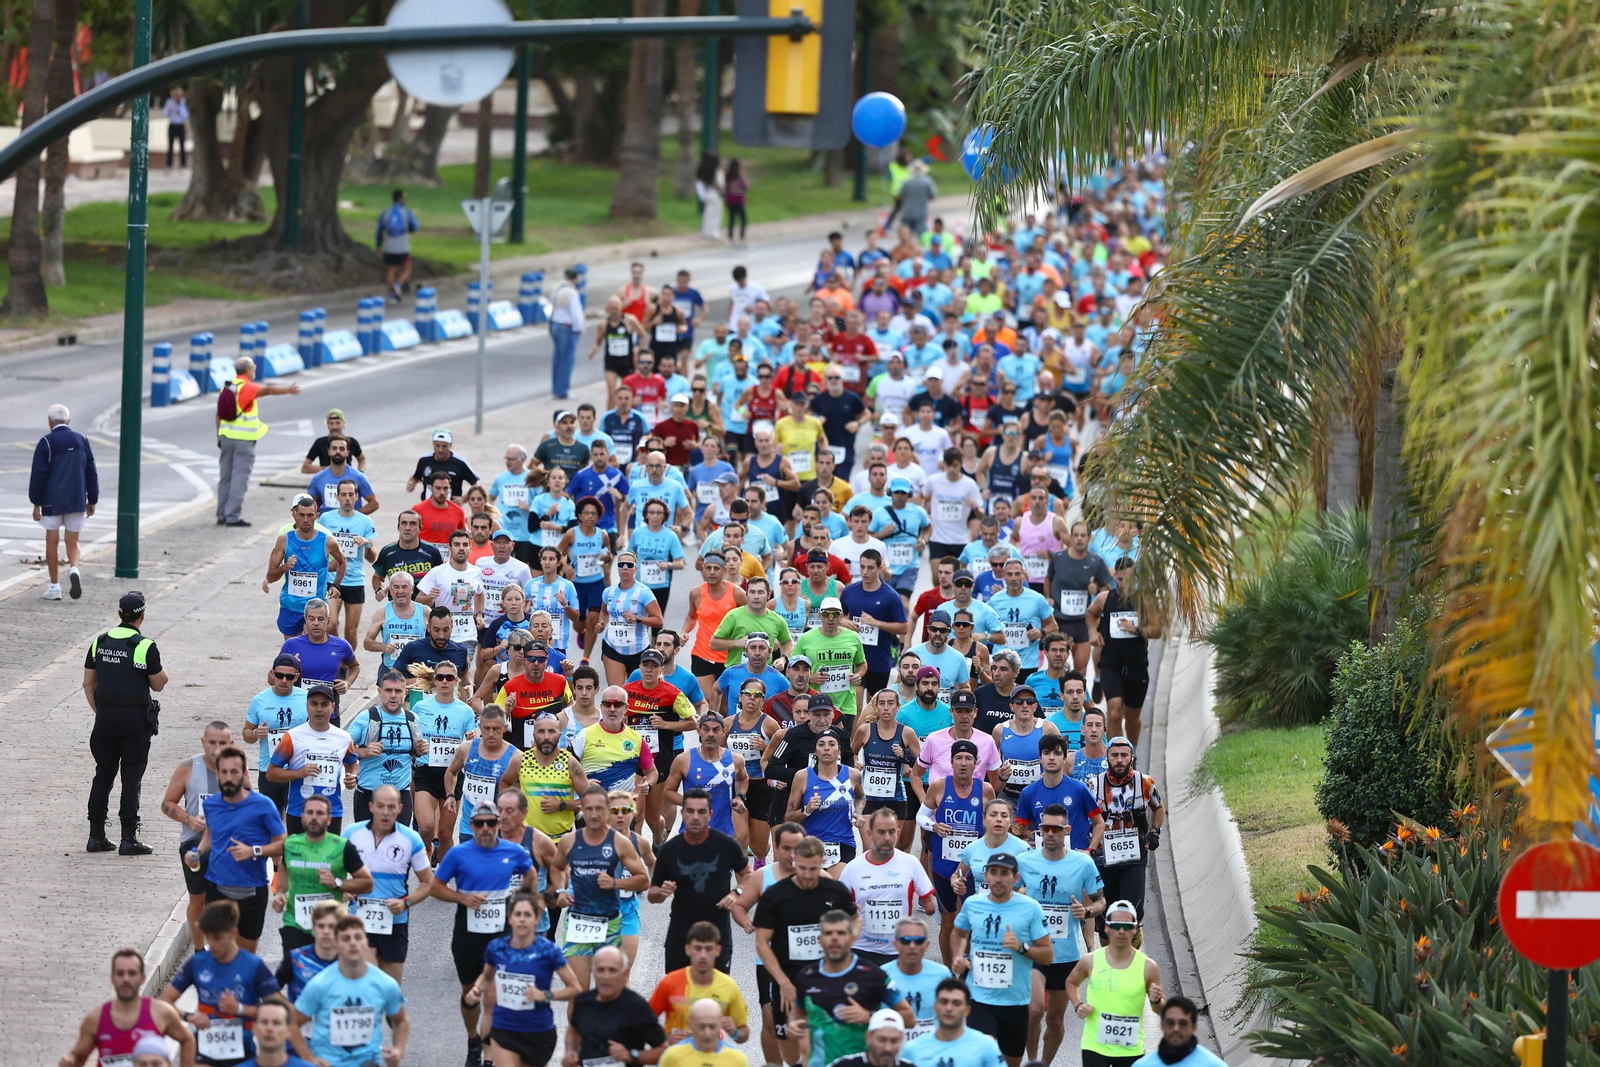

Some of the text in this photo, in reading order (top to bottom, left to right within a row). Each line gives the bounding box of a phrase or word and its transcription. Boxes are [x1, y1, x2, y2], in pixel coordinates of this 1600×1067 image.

[639, 547, 663, 555] nerja
[293, 579, 312, 588] 6961
[486, 592, 501, 600] 318
[1005, 630, 1024, 638] 9987
[97, 648, 113, 656] POLICÍA
[102, 655, 120, 663] MÁLAGA
[520, 690, 553, 699] Málaga
[628, 692, 660, 704] Málaga
[634, 700, 659, 710] Bahía
[1013, 769, 1035, 777] 6691
[870, 776, 891, 785] 6807
[467, 783, 488, 794] 6161
[944, 808, 977, 824] RCM
[1111, 841, 1134, 852] 6655
[366, 910, 384, 921] 273
[474, 909, 500, 919] 6509
[869, 910, 900, 920] 11130
[575, 923, 601, 933] 6779
[980, 962, 1006, 973] 1152
[336, 1018, 372, 1029] 11790
[1105, 1025, 1132, 1036] 9621
[206, 1031, 236, 1042] 9564
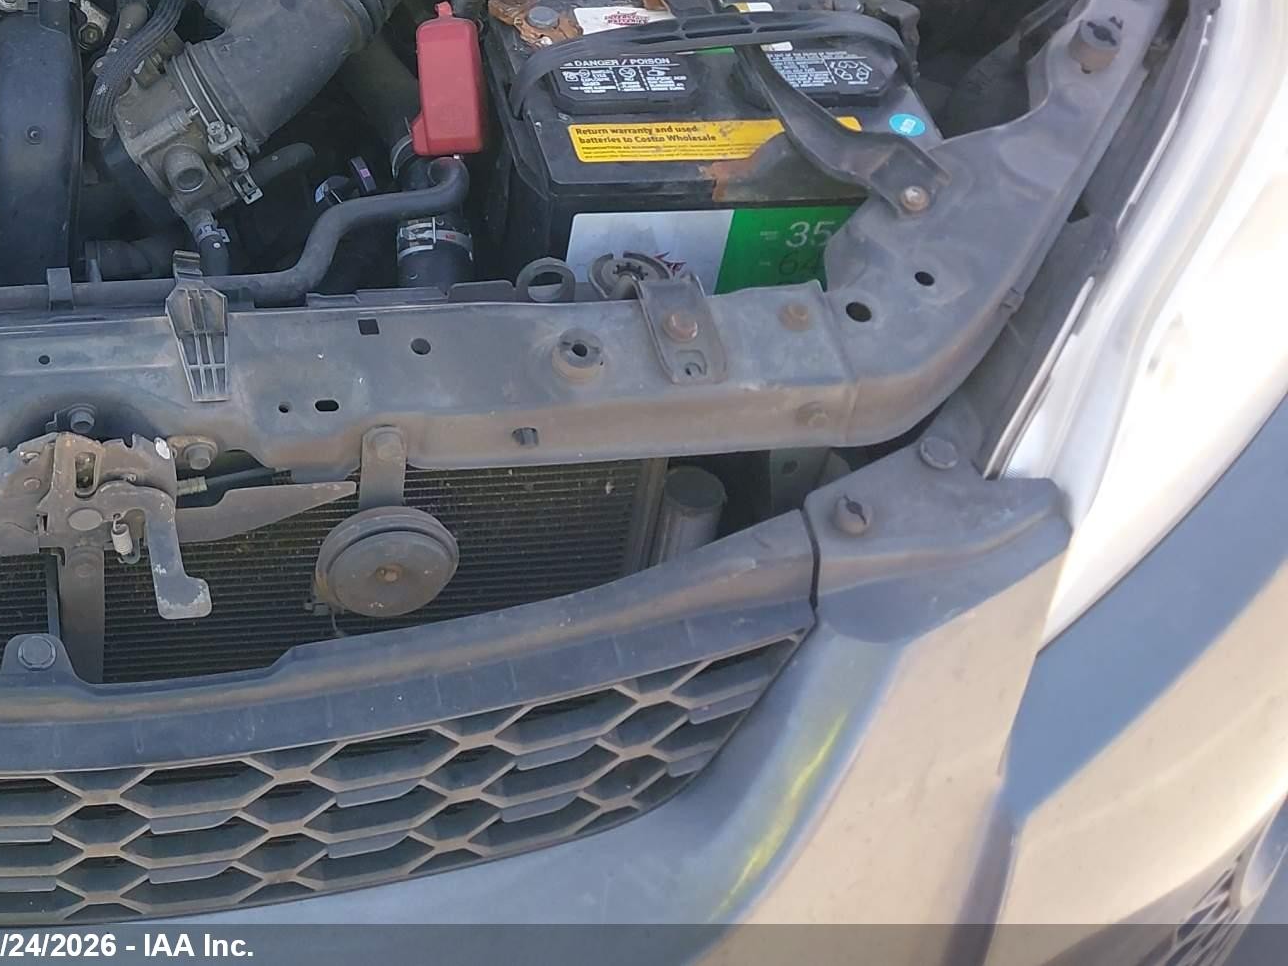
* * * * * * * * *
All of the data is to be returned exactly, with no pictures included.

**SOLVED PROBLEM:**
Some of the text in this photo, in reading order (top to bottom, left to right within a row). Each line gives the bounding box of a phrase or word and its transcription. Boxes are [x1, y1, x2, y2], in pixel coordinates of this 1600×1067 image.

[639, 547, 663, 555] nerja
[293, 579, 312, 588] 6961
[486, 592, 501, 600] 318
[1005, 630, 1024, 638] 9987
[97, 648, 113, 656] POLICÍA
[102, 655, 120, 663] MÁLAGA
[520, 690, 553, 699] Málaga
[628, 692, 660, 704] Málaga
[634, 700, 659, 710] Bahía
[1013, 769, 1035, 777] 6691
[870, 776, 891, 785] 6807
[467, 783, 488, 794] 6161
[944, 808, 977, 824] RCM
[1111, 841, 1134, 852] 6655
[366, 910, 384, 921] 273
[474, 909, 500, 919] 6509
[869, 910, 900, 920] 11130
[575, 923, 601, 933] 6779
[980, 962, 1006, 973] 1152
[336, 1018, 372, 1029] 11790
[1105, 1025, 1132, 1036] 9621
[206, 1031, 236, 1042] 9564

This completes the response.